Let’s face it, our bodies are nightmare vessels designed to cause us nothing but pain as they ferry our brains around.

Why else would more than one in five people suffer from back pain? Back pain, which is often caused by poor posture and inflexibility, and leads to all sorts of other symptoms such as emotional distress and depression.

Poor posture is often caused by having a desk job, but what can you do about the fact that many jobs require you to sit in a chair all day?

You can’t even escape this by exercising: You go to the gym, work hard, only to find that you’ve spent hours building all sorts of muscle imbalances. Your bench press might have given you a bigger, stronger chest, but now your upper back is miserable. You can’t win.

Or can you?


First: Fix Your Habits, Talk to Professionals

Naturally, you should be sensible: if you are experiencing a lot of pain in any part of your body, go and see a doctor. Not all of your issues can be solved by a blog post on the Internet.

When you’re sure you’ve not got a more serious issue at play, something like Phrakture’s Starting Stretching routines are a widely regarded base for improving your flexibility, which in turn will help you correct your posture. The original post has some outdated links, so here’s a more useful video.

It only takes 15 minutes of your day. Though you won’t see results immediately, stick with it for at least a month and see what happens.

I know, it sucks, because unlike cardio which will make you burn off body fat and increase your stamina, and lifting which will increase your muscle mass, there’s no pleasing direct or aesthetic reason to be doing all this extra work.

Consider it a kind of maintenance that just needs doing, like brushing your teeth and washing your face.


Core Activation and Strengthening

Having a weak core can cause all sorts of muscular imbalances as other parts of your body struggle to take up the slack. If you’re going to make one change to your life, start doing plank as a daily exercise.

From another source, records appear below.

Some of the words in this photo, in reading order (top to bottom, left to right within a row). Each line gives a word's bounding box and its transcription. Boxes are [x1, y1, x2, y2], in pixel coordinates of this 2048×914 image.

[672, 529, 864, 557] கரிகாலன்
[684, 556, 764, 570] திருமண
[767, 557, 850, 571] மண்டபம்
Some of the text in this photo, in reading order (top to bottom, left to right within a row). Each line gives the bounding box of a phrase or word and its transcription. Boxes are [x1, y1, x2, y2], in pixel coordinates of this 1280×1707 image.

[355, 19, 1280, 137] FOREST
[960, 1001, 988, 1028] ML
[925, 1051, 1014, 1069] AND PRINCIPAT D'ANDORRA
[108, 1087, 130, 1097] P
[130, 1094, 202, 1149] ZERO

There are plenty of guides to the dos and don’ts online, such as this one. This not only strengthens your core, but helps you recognise how you are activating it during the day, or not, as the case may be.

Once you’ve got bored of just sweating in the same basic position, feel free to switch it up by following some of these agonising Youtube tutorials.

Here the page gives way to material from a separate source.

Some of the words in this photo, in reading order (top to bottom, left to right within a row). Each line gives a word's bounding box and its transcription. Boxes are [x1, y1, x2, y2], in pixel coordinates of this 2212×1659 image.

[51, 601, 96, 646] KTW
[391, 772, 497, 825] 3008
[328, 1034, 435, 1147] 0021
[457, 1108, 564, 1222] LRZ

Add Symmetry to Your Training

Strength training can do a lot of good for your posture, but it can also leave you a little imbalanced, depending on the nature of your programme.

Symmetric Strength can help you work out where your strengths and weaknesses are. Strong anterior deltoids but weak upper traps? Time to think about adding some new weights to your routine!


Avoid “Easy” Fixes

Posture braces: do they work? Unless you’re actually injured in such a way that a doctor recommends one, using a posture corrector such as a back brace won’t fix your problems.

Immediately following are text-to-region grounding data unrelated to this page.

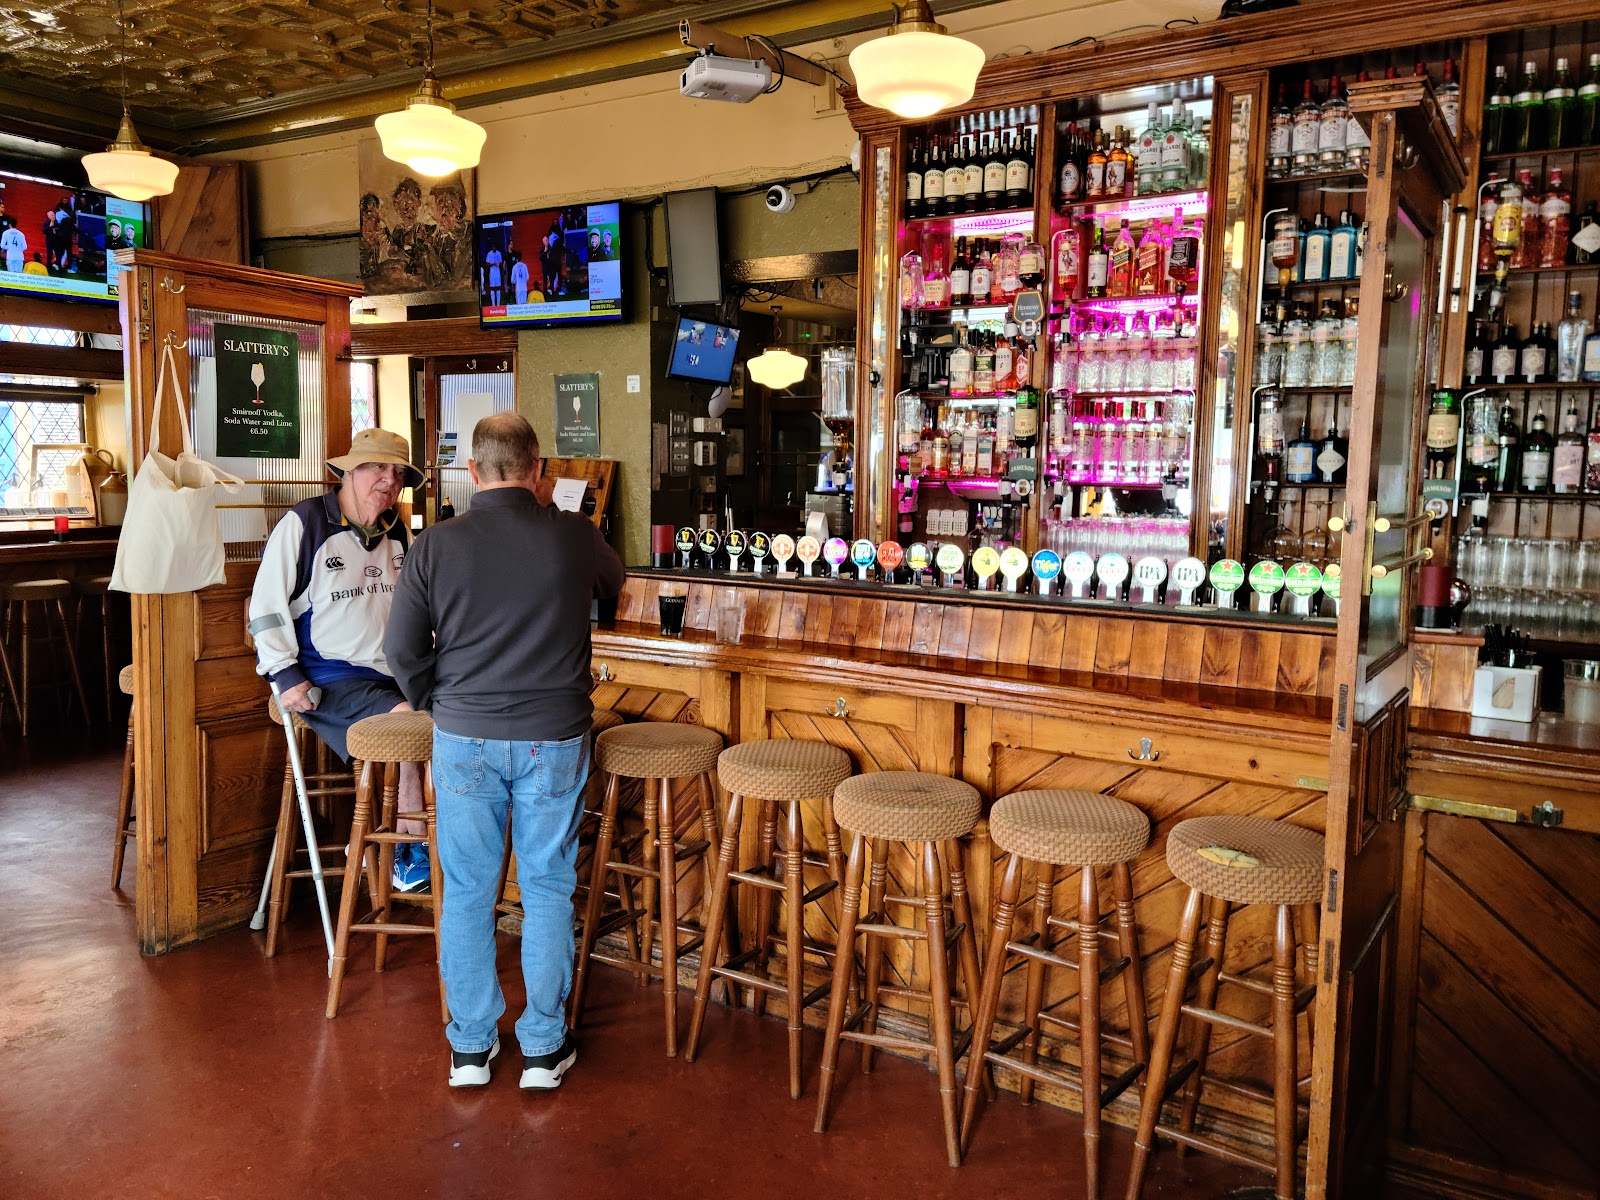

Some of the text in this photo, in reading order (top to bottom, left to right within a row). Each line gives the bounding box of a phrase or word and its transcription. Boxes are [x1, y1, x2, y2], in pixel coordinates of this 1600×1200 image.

[518, 268, 524, 279] 4
[224, 340, 289, 356] SLATTERY'S
[559, 383, 594, 391] SLATTERY'S
[232, 408, 261, 416] Smirnoff
[1010, 465, 1035, 473] JAMESON
[1035, 558, 1060, 573] Tiger
[1066, 563, 1091, 573] Coors
[1100, 564, 1126, 574] Coors
[1210, 574, 1244, 582] Heineken
[1251, 576, 1284, 584] Heineken
[1286, 578, 1322, 586] Heineken
[331, 586, 364, 601] Bank
[367, 583, 378, 593] of

While it can help when you have an injury, using something to hold your posture in the right position can often weaken the muscles required to actually give you better posture, because the brace is picking up all the slack on their behalf. 


Stop Sitting At A Desk All Day

There’s plenty of evidence to suggest that sitting all day is bad for you: a University of Leicester study suggests that you need at least two and a half hours of exercise each week just to mitigate the damage it does.

Our desk job lifestyle is linked to everything from back pain to increased risk of death. Surprise! It is also disastrous for your posture and flexibility.

The obvious fix is a standing desk, though this isn’t always possible, and some tentative studies suggest there might actually be health risks associated with standing around all day as well!

“Bike desks” that add pedals to exercise with can certainly be a great way to lower these health risks, but they’re not necessarily a fix for your posture, and possibly aren’t an option at your workplace.

A potential solution is to get up for a walk and to stretch a little, and to do this regularly. If you’re using the Pomodoro technique (as we’ve recommended on a few occasions), you have a five-minute break every half hour in order to do these.

This study suggests that walking for just two minutes every hour can lower health risks at a rate of 33%.

In addition, here are some suggestions that you can do at your desk, or sneak off to do in the bathroom or outside. You’ll also find a million identical infographics telling you the same information on how to sit properly, but you’re absolutely better off just getting out of your chair a few times each hour.


In Conclusion: Mix and Match

Hopefully these suggestions will give you something to work with. Pick the ones that seem most relevant, and don’t try to make too many changes at once! And as always, make sure you speak to a professional before you do anything new or potentially injurious.